Certo, non sono mancate le bande più tradizionali, militari o di paese, spesso dal sapore amatoriale e un po' raffazzonate, che ricordavano i vecchi film anni '70 e l'immagine di un'Italia paesana, ma lo spirito della manifestazione è stato tutt'altro.






Lo spirito è stato quello dei ritmi caraibici e delle danze erotiche della banda del Guadalupe, che hanno dovuto spingere fuori a forza o altrimenti sarebbe ancora a suonare e a danzare; lo strano contrasto dell'Estonia, con i musicisti militari vestiti di tutto punto e un gruppo di cubiste svestite e ammiccanti; il gruppo lettone, che ha sorpreso, pur essendo in quattro gatti, con danze e balli goliardici dell'Università di Riga.

Il clou, dal punto di vista coreografico, lo ha però raggiunto la banda della Malesia: una cinquantina di elementi, vestiti con uno strano costume simil impero britannico, capaci di muoversi e incrociarsi continuando a suonare ritmi serrati e passaggi difficili. La rigida disciplina asiatica, di cui hanno fatto sfoggio i malesi, ha però difettato la delegazione cinese, che non ha fatto male ma non ha brillato per originalità.
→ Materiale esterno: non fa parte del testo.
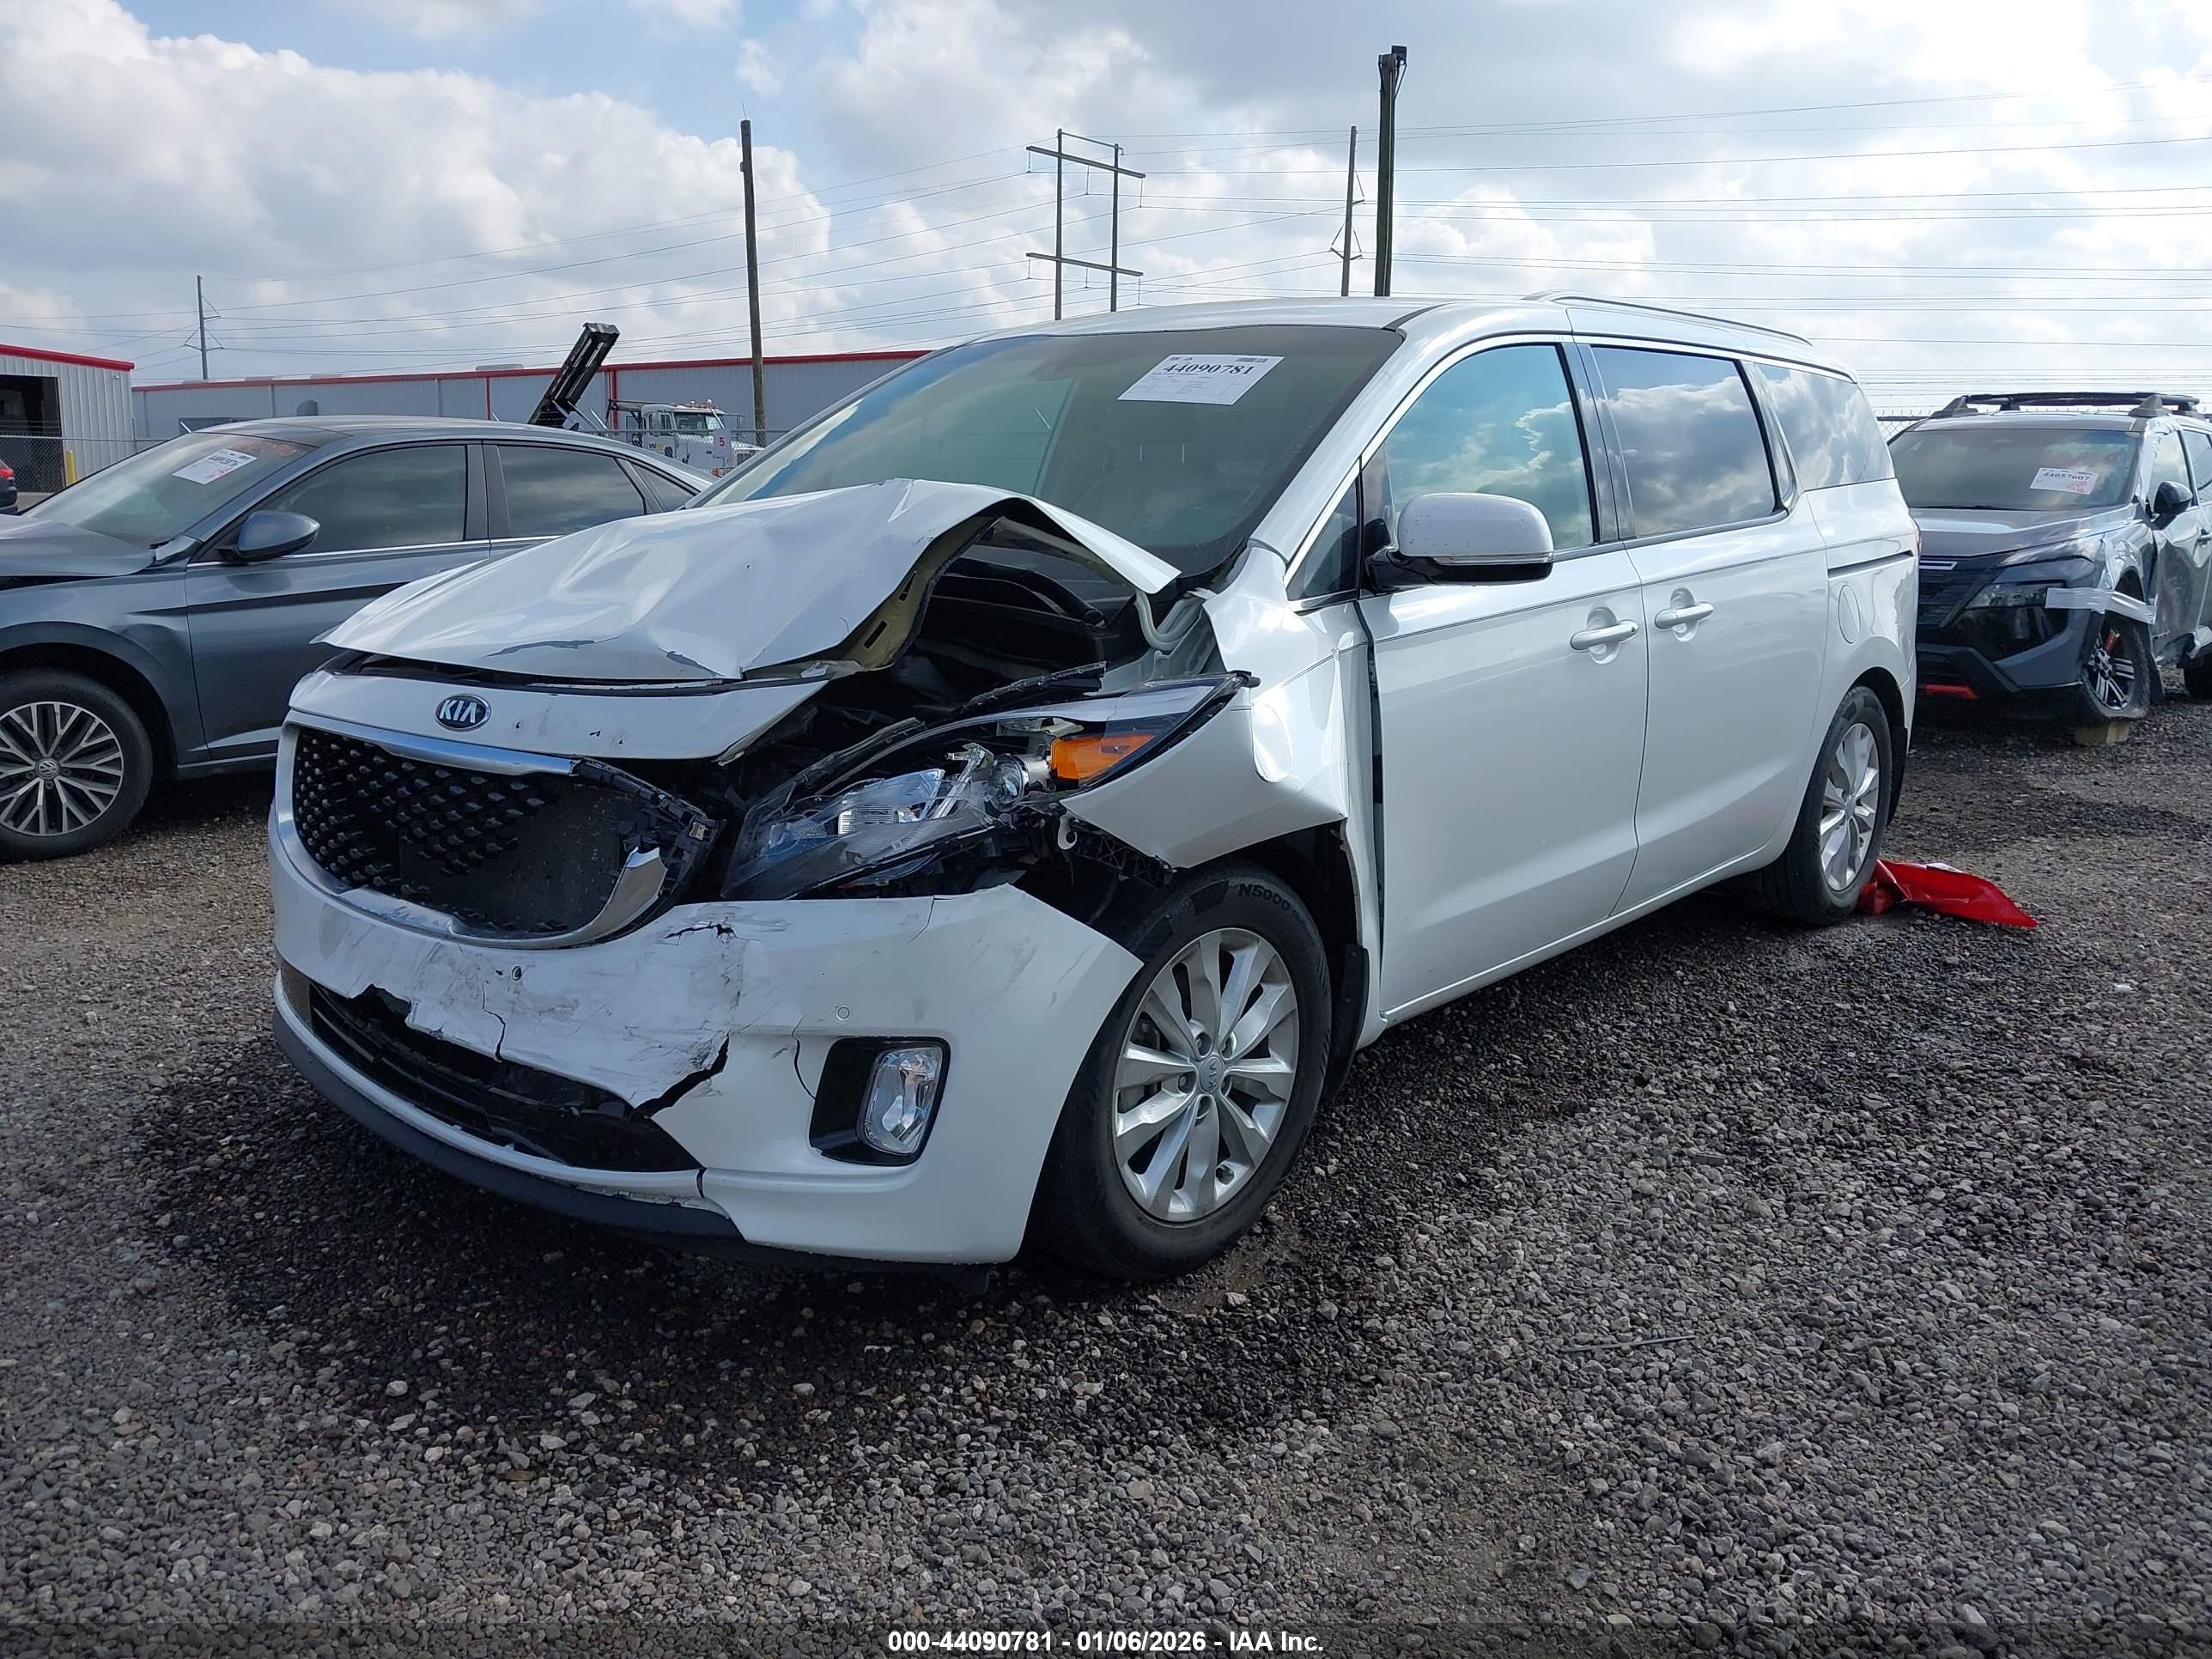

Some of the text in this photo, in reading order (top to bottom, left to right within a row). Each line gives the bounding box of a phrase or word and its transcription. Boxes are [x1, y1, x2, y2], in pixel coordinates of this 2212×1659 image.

[1164, 363, 1255, 374] 44090781
[719, 436, 726, 447] 5
[439, 699, 477, 724] KIA
[1237, 883, 1291, 911] N5000
Alla fine della giornata, pur non potendone più di ottoni, piatti e grancasse, noi giornalisti siamo usciti con una nuova fede: che anche uno spettacolo di banda possa essere una bella manifestazione. E, tra gli elementi non secondari, non è mancata la presenza di belle ragazze. Io, ma anche il mio collega di Roma, abbiamo subito dato disposizione di avvertire i corpi di ballo di ogni nazione presente, di essere facilmente corrompibili.